* WHAT TO WORK ON *
Your response should consist of every record, exactly as given.

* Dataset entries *
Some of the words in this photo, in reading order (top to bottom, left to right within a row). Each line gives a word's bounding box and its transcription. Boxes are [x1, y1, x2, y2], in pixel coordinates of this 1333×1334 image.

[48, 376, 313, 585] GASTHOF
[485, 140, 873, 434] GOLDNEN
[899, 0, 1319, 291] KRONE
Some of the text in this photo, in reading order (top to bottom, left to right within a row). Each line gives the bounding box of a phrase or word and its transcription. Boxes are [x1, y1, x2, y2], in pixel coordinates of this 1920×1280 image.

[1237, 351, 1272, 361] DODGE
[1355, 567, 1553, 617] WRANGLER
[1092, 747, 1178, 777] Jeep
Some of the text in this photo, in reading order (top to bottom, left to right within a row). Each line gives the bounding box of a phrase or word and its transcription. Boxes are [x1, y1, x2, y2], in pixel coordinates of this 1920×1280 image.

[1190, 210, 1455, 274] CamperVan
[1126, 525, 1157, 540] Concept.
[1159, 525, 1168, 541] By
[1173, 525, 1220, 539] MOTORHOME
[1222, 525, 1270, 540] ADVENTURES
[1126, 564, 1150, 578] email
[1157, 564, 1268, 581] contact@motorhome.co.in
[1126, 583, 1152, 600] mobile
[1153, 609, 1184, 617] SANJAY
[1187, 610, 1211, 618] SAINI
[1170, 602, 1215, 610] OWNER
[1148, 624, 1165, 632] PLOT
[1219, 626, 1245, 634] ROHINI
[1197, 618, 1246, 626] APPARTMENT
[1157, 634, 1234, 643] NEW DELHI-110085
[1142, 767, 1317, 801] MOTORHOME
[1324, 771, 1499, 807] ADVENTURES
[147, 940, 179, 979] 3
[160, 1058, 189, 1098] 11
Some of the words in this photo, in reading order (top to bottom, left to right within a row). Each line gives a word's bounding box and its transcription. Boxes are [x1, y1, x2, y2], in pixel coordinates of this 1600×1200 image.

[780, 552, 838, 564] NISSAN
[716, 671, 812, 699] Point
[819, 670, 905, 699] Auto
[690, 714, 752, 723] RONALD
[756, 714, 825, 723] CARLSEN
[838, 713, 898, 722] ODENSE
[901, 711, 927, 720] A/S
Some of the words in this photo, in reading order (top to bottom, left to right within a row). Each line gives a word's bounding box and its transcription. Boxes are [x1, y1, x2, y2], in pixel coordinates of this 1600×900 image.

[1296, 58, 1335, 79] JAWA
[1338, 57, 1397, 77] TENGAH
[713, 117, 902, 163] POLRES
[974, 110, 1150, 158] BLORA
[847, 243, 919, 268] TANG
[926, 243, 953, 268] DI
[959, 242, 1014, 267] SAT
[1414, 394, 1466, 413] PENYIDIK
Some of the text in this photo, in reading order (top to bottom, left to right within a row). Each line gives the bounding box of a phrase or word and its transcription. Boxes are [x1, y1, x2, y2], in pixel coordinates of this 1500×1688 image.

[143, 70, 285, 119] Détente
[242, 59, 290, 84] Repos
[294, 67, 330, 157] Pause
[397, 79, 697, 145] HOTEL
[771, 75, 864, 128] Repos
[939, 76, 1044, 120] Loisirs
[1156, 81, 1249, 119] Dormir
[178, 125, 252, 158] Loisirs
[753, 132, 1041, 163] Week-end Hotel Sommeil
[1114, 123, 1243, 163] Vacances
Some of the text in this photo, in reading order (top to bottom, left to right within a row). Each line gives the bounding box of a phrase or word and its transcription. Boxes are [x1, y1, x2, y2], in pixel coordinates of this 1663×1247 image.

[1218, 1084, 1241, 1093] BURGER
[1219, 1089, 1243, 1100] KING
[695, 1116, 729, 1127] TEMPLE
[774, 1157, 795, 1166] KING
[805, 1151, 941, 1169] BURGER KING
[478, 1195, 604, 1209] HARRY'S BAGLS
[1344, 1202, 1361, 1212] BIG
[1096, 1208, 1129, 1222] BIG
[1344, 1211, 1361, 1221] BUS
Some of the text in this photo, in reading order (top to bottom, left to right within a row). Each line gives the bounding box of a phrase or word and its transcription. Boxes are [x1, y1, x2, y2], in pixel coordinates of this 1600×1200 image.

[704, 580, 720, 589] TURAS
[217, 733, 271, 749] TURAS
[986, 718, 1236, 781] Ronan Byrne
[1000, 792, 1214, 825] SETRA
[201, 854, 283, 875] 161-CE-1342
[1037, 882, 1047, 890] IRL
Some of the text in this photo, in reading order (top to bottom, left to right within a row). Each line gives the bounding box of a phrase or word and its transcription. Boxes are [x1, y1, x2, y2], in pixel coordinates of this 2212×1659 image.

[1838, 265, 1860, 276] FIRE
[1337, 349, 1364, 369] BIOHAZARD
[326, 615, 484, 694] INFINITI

* TASK ANSWER *
Some of the words in this photo, in reading order (top to bottom, left to right within a row). Each line gives a word's bounding box and its transcription. Boxes are [x1, y1, x2, y2], in pixel coordinates of this 1333×1334 image.

[48, 376, 313, 585] GASTHOF
[485, 140, 873, 434] GOLDNEN
[899, 0, 1319, 291] KRONE
Some of the text in this photo, in reading order (top to bottom, left to right within a row). Each line gives the bounding box of a phrase or word and its transcription. Boxes are [x1, y1, x2, y2], in pixel coordinates of this 1920×1280 image.

[1237, 351, 1272, 361] DODGE
[1355, 567, 1553, 617] WRANGLER
[1092, 747, 1178, 777] Jeep
Some of the text in this photo, in reading order (top to bottom, left to right within a row). Each line gives the bounding box of a phrase or word and its transcription. Boxes are [x1, y1, x2, y2], in pixel coordinates of this 1920×1280 image.

[1190, 210, 1455, 274] CamperVan
[1126, 525, 1157, 540] Concept.
[1159, 525, 1168, 541] By
[1173, 525, 1220, 539] MOTORHOME
[1222, 525, 1270, 540] ADVENTURES
[1126, 564, 1150, 578] email
[1157, 564, 1268, 581] contact@motorhome.co.in
[1126, 583, 1152, 600] mobile
[1153, 609, 1184, 617] SANJAY
[1187, 610, 1211, 618] SAINI
[1170, 602, 1215, 610] OWNER
[1148, 624, 1165, 632] PLOT
[1219, 626, 1245, 634] ROHINI
[1197, 618, 1246, 626] APPARTMENT
[1157, 634, 1234, 643] NEW DELHI-110085
[1142, 767, 1317, 801] MOTORHOME
[1324, 771, 1499, 807] ADVENTURES
[147, 940, 179, 979] 3
[160, 1058, 189, 1098] 11
Some of the words in this photo, in reading order (top to bottom, left to right within a row). Each line gives a word's bounding box and its transcription. Boxes are [x1, y1, x2, y2], in pixel coordinates of this 1600×1200 image.

[780, 552, 838, 564] NISSAN
[716, 671, 812, 699] Point
[819, 670, 905, 699] Auto
[690, 714, 752, 723] RONALD
[756, 714, 825, 723] CARLSEN
[838, 713, 898, 722] ODENSE
[901, 711, 927, 720] A/S
Some of the words in this photo, in reading order (top to bottom, left to right within a row). Each line gives a word's bounding box and its transcription. Boxes are [x1, y1, x2, y2], in pixel coordinates of this 1600×900 image.

[1296, 58, 1335, 79] JAWA
[1338, 57, 1397, 77] TENGAH
[713, 117, 902, 163] POLRES
[974, 110, 1150, 158] BLORA
[847, 243, 919, 268] TANG
[926, 243, 953, 268] DI
[959, 242, 1014, 267] SAT
[1414, 394, 1466, 413] PENYIDIK
Some of the text in this photo, in reading order (top to bottom, left to right within a row). Each line gives the bounding box of a phrase or word and its transcription. Boxes are [x1, y1, x2, y2], in pixel coordinates of this 1500×1688 image.

[143, 70, 285, 119] Détente
[242, 59, 290, 84] Repos
[294, 67, 330, 157] Pause
[397, 79, 697, 145] HOTEL
[771, 75, 864, 128] Repos
[939, 76, 1044, 120] Loisirs
[1156, 81, 1249, 119] Dormir
[178, 125, 252, 158] Loisirs
[753, 132, 1041, 163] Week-end Hotel Sommeil
[1114, 123, 1243, 163] Vacances
Some of the text in this photo, in reading order (top to bottom, left to right within a row). Each line gives the bounding box of a phrase or word and its transcription. Boxes are [x1, y1, x2, y2], in pixel coordinates of this 1663×1247 image.

[1218, 1084, 1241, 1093] BURGER
[1219, 1089, 1243, 1100] KING
[695, 1116, 729, 1127] TEMPLE
[774, 1157, 795, 1166] KING
[805, 1151, 941, 1169] BURGER KING
[478, 1195, 604, 1209] HARRY'S BAGLS
[1344, 1202, 1361, 1212] BIG
[1096, 1208, 1129, 1222] BIG
[1344, 1211, 1361, 1221] BUS
Some of the text in this photo, in reading order (top to bottom, left to right within a row). Each line gives the bounding box of a phrase or word and its transcription. Boxes are [x1, y1, x2, y2], in pixel coordinates of this 1600×1200 image.

[704, 580, 720, 589] TURAS
[217, 733, 271, 749] TURAS
[986, 718, 1236, 781] Ronan Byrne
[1000, 792, 1214, 825] SETRA
[201, 854, 283, 875] 161-CE-1342
[1037, 882, 1047, 890] IRL
Some of the text in this photo, in reading order (top to bottom, left to right within a row). Each line gives the bounding box of a phrase or word and its transcription. Boxes are [x1, y1, x2, y2], in pixel coordinates of this 2212×1659 image.

[1838, 265, 1860, 276] FIRE
[1337, 349, 1364, 369] BIOHAZARD
[326, 615, 484, 694] INFINITI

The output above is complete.